De l’architecture à Hollywood Nicholas
Ray, de son véritable nom Raymond Nicholas Kienzle, est né à La Crosse (Wisconsin) le 7 août 1911. Très jeune, il s’intéresse au théâtre, mais une rencontre déterminante va le pousser à faire des études d’architecture : il fait en effet la connaissance du grand architecte Frank Lloyd Wright et, à l’âge de 16 ans, obtient une bourse pour suivre ses cours à l’université de Chicago. Plus tard, il dira s’être souvenu de l’enseignement du grand maître pour faire édifier le saloon de Johnny Guitar (1954) sur le flanc d’une montagne, en plein désert : « Parce que j’aimais la forme et la couleur de la pierre. C’était une espèce de Frank Lloyd Wright médiéval. » Cette initiation aux arts plastiques aura incontestablement une grande influence sur toute l’œuvre de Ray, qui a été profondément marqué par les peintres expressionnistes et par l’art médiéval, ce qui explique sans doute en partie le caractère profondément baroque et flamboyant de son style.

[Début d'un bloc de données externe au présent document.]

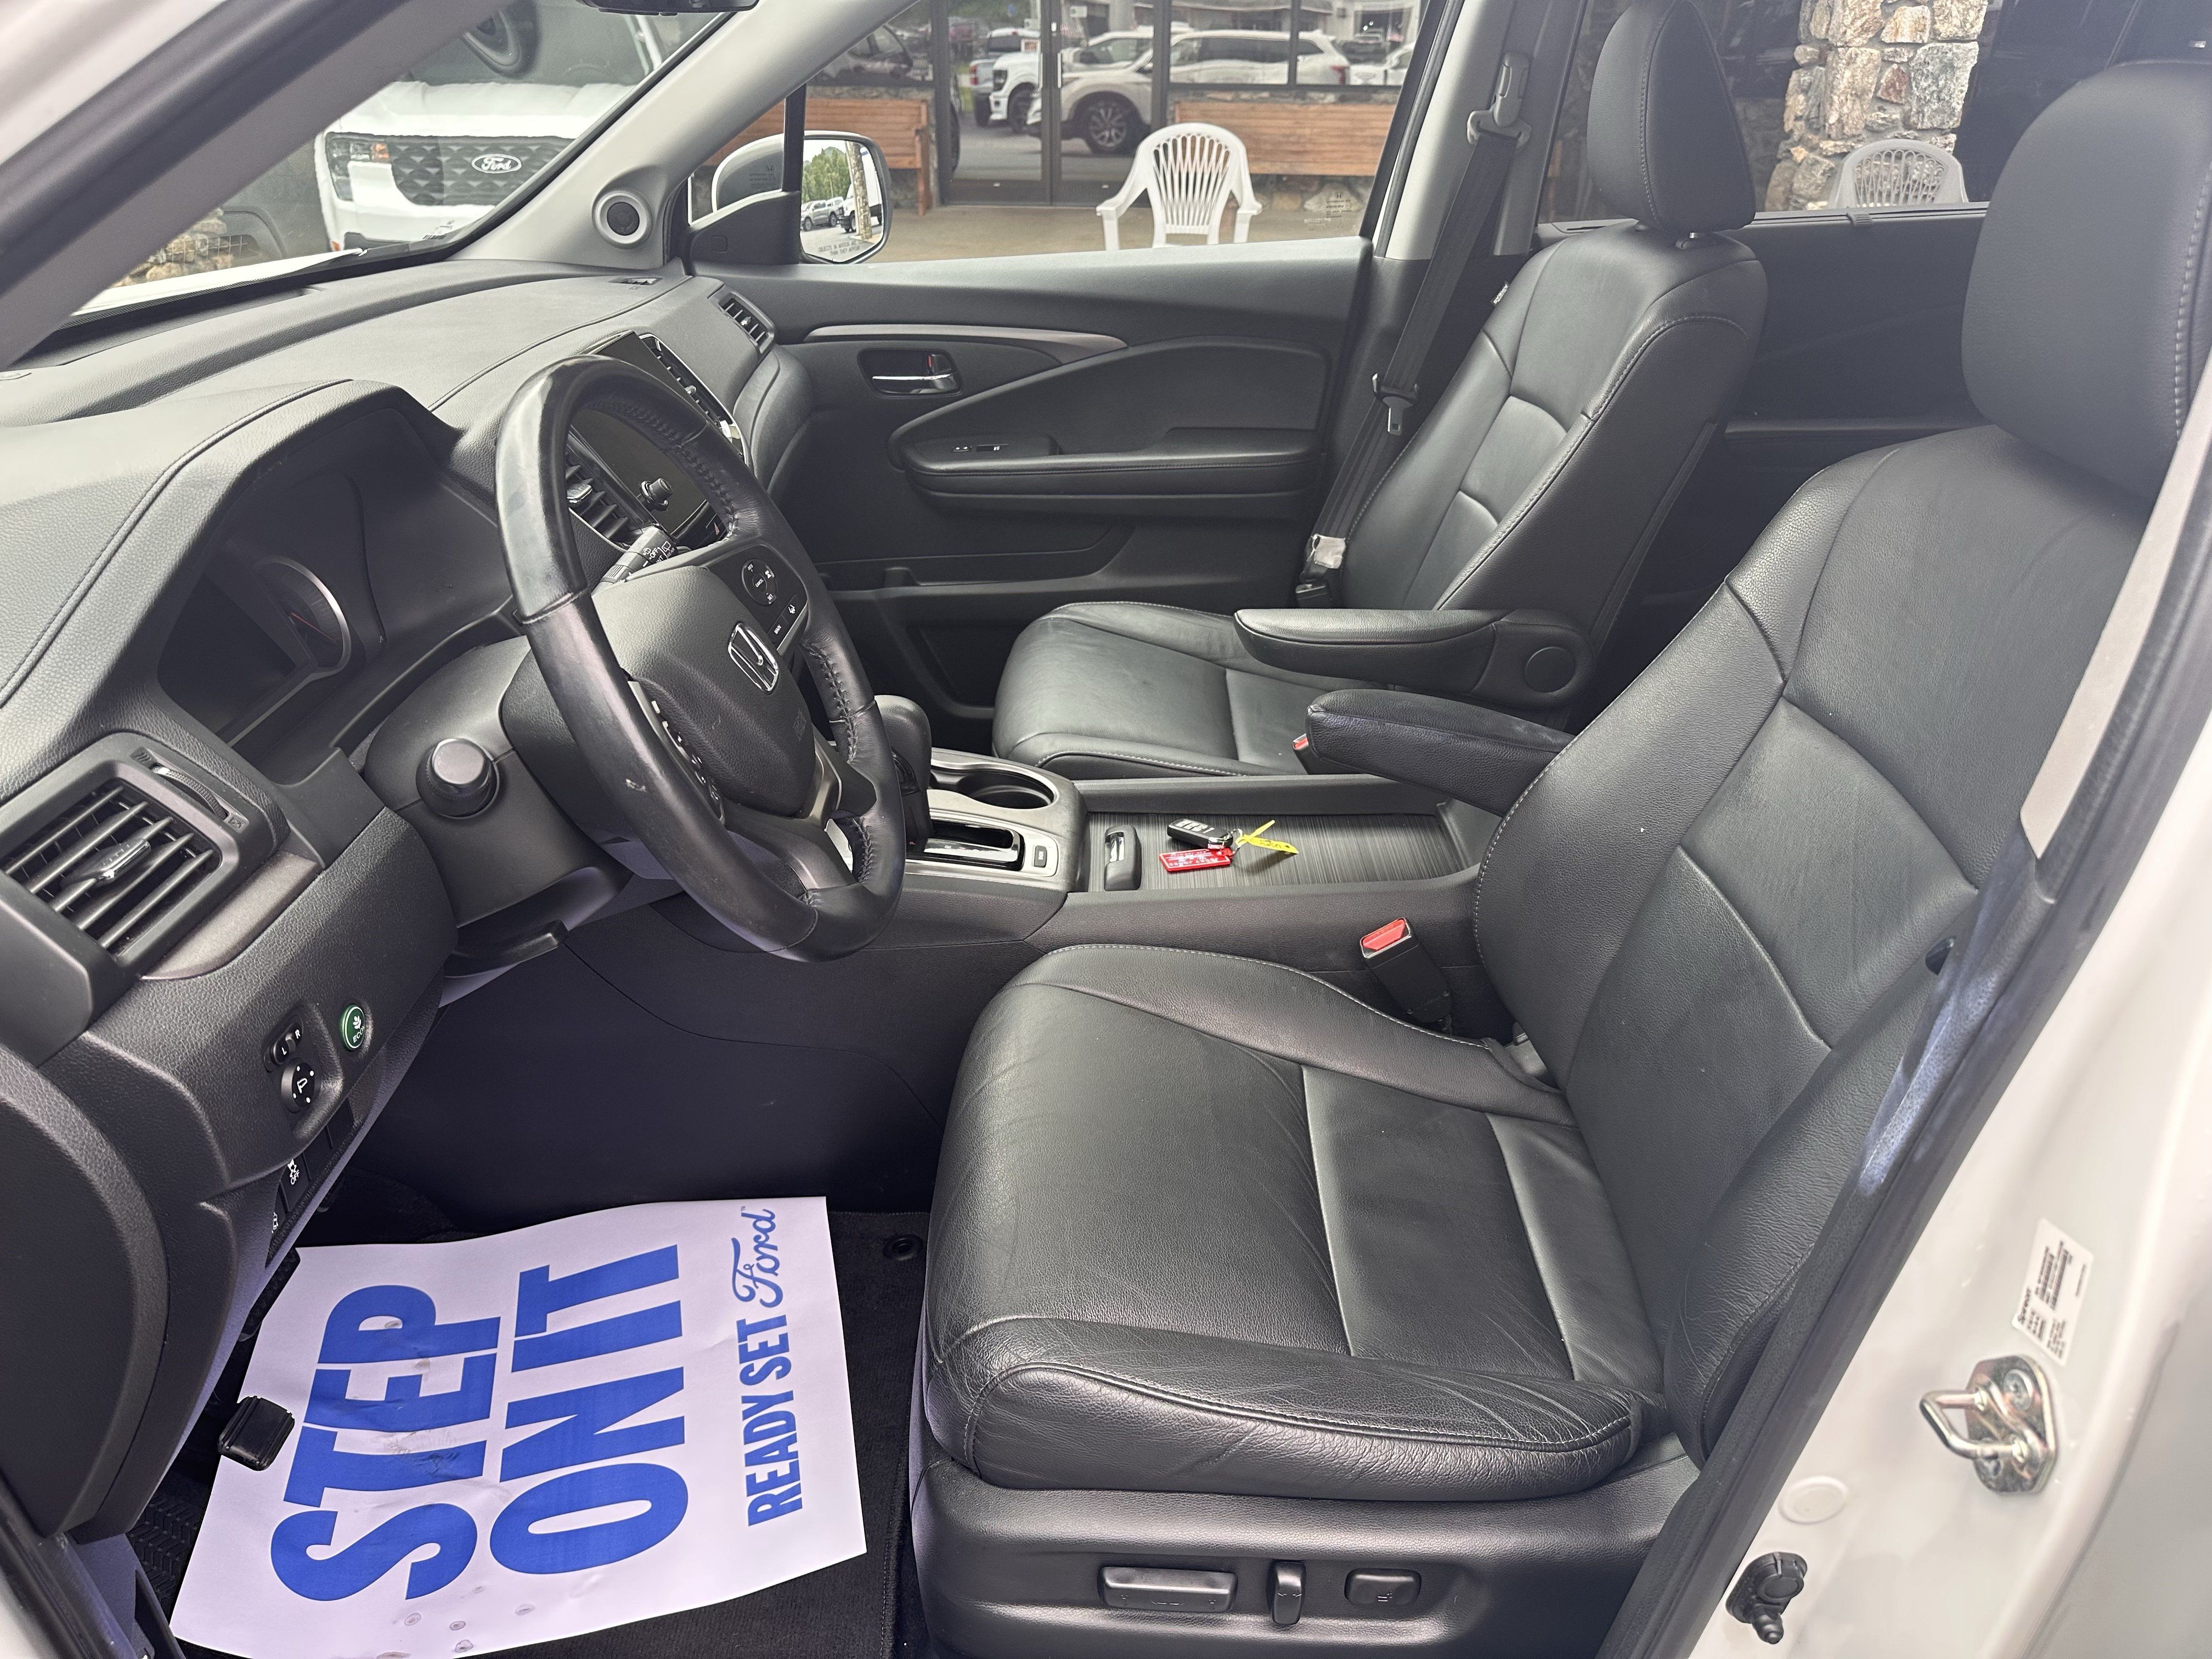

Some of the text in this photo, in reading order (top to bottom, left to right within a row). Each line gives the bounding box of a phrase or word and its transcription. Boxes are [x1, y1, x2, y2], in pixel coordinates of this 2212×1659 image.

[481, 157, 511, 171] Ford
[650, 547, 658, 558] OFF
[295, 1029, 301, 1039] R
[281, 1047, 287, 1055] L
[290, 1169, 300, 1185] OFF
[731, 1209, 802, 1526] READY SET Ford
[489, 1245, 687, 1575] ON IT
[270, 1285, 500, 1601] STEP
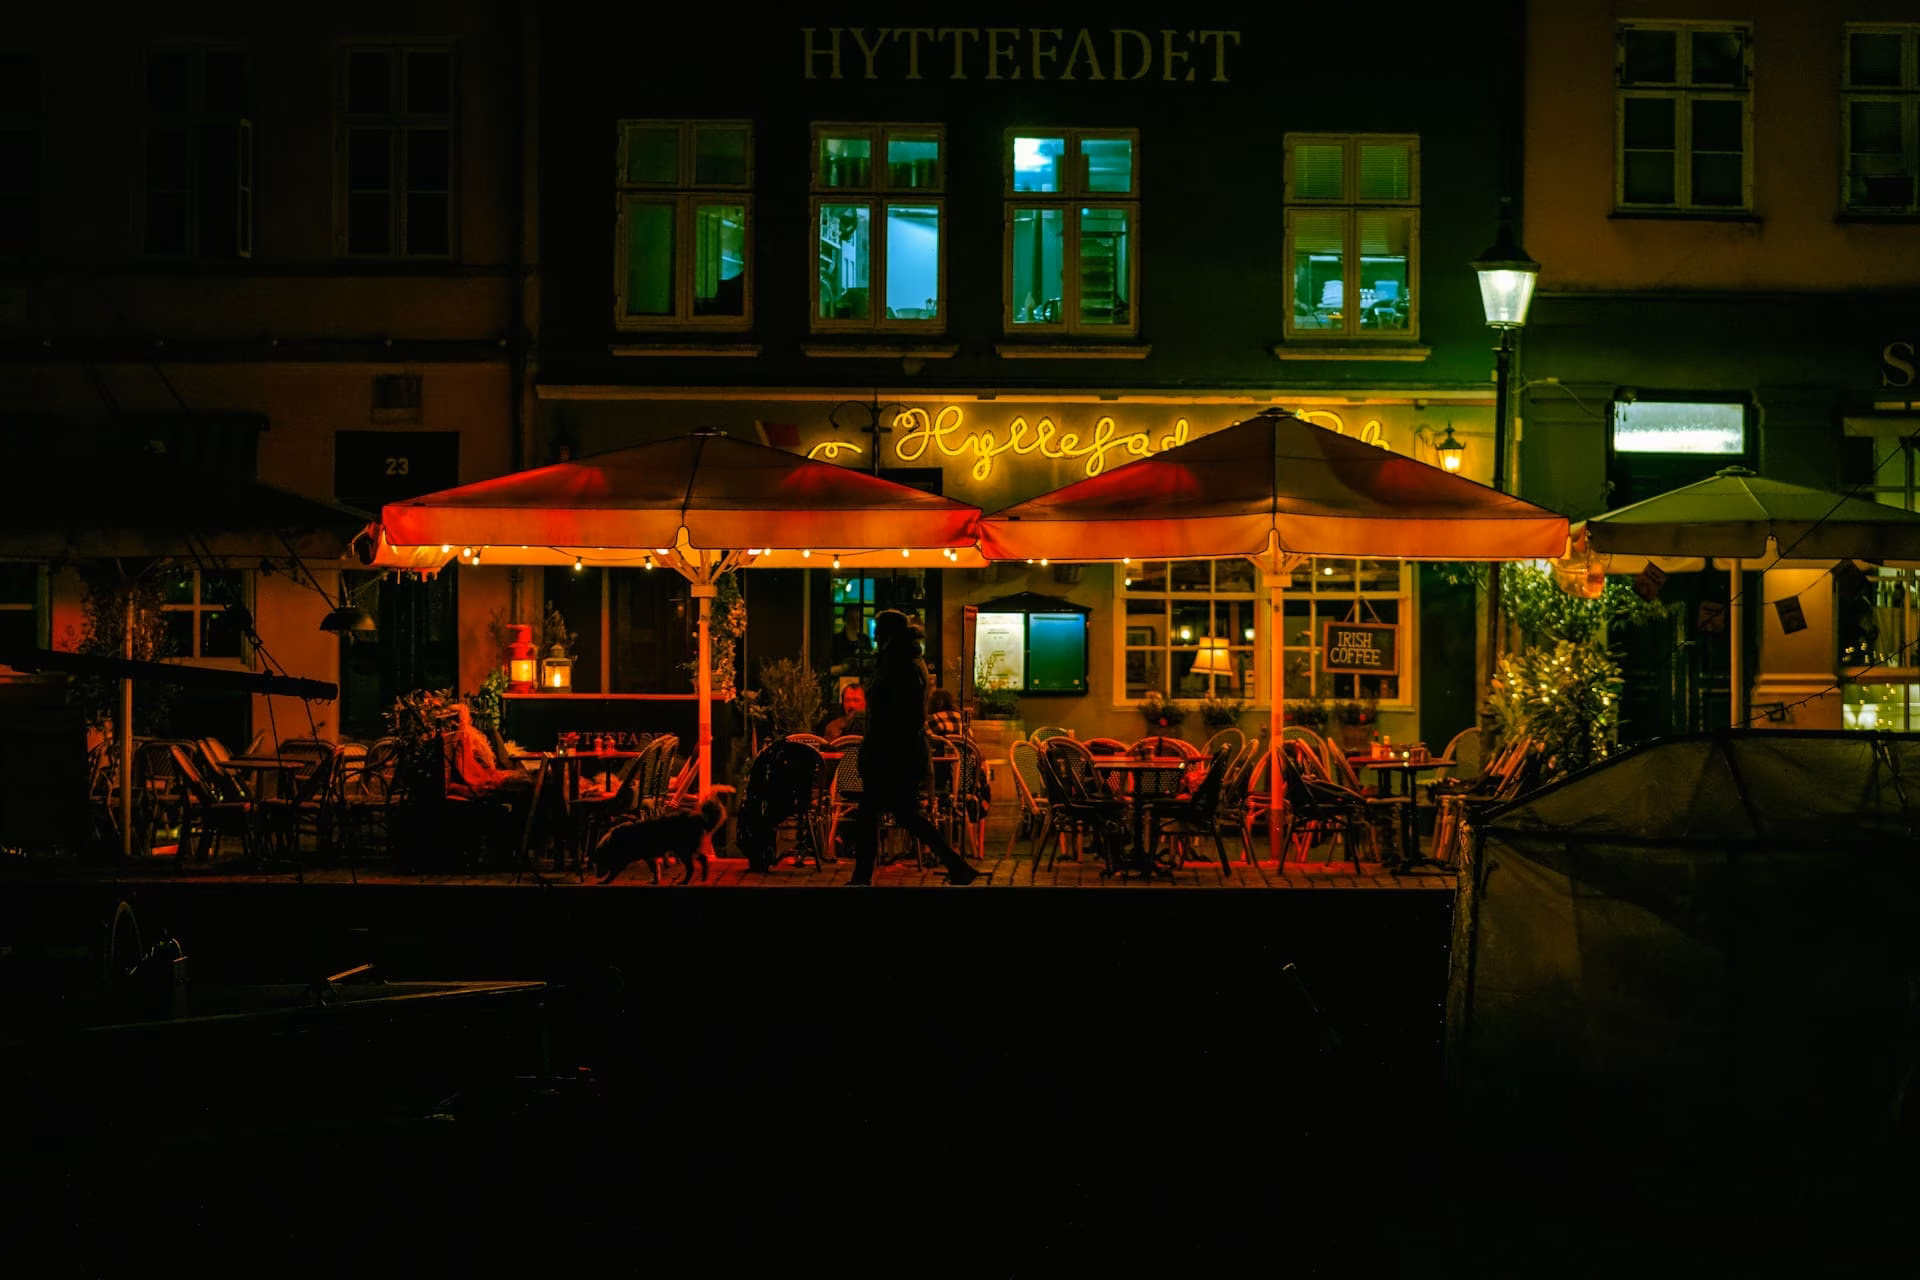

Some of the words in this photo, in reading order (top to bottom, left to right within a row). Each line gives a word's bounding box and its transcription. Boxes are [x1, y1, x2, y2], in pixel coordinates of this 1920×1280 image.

[801, 27, 1241, 82] HYTTEFADET
[385, 457, 409, 476] 23
[1338, 631, 1373, 648] IRISH
[1330, 647, 1381, 666] COFFEE

Ray suit ensuite sa vocation théâtrale, participant à des tournées comme acteur et comme metteur en scène. II s’intéresse aussi au folklore américain, faisant en 1938 un voyage d’études dans les montagnes Rocheuses. A son retour il travaille avec John Houseman, qui dirige la compagnie new-yorkaise « The Phoenix », et il rencontre Elia Kazan. Après Pearl Harbor, Houseman, responsable des émissions de propagande à la radio, fait appel à Ray, qui réalise ainsi la populaire série « Back Where We Come From » pour la CB.S. Lorsque Kazan part à Hollywood tourner A Tree grows in Brooklyn (Le Lys de Brooklyn, 1945), Ray le suit comme assistant-réalisateur. En 1946, il réalise la version télévisée de la célèbre pièce radiophonique de Lucille Fletcher « Sorry Wrong Number », qui retient l’attention de Dore Schary, le directeur de la production de la RKO (à l’époque véritable pépinière de jeunes talents). Si bien qu’en 1947, John Houseman, entre à la firme comme producteur, fait appel à Nicholas Ray pour réaliser They Live by Night (Les Amants de la nuit, 1948).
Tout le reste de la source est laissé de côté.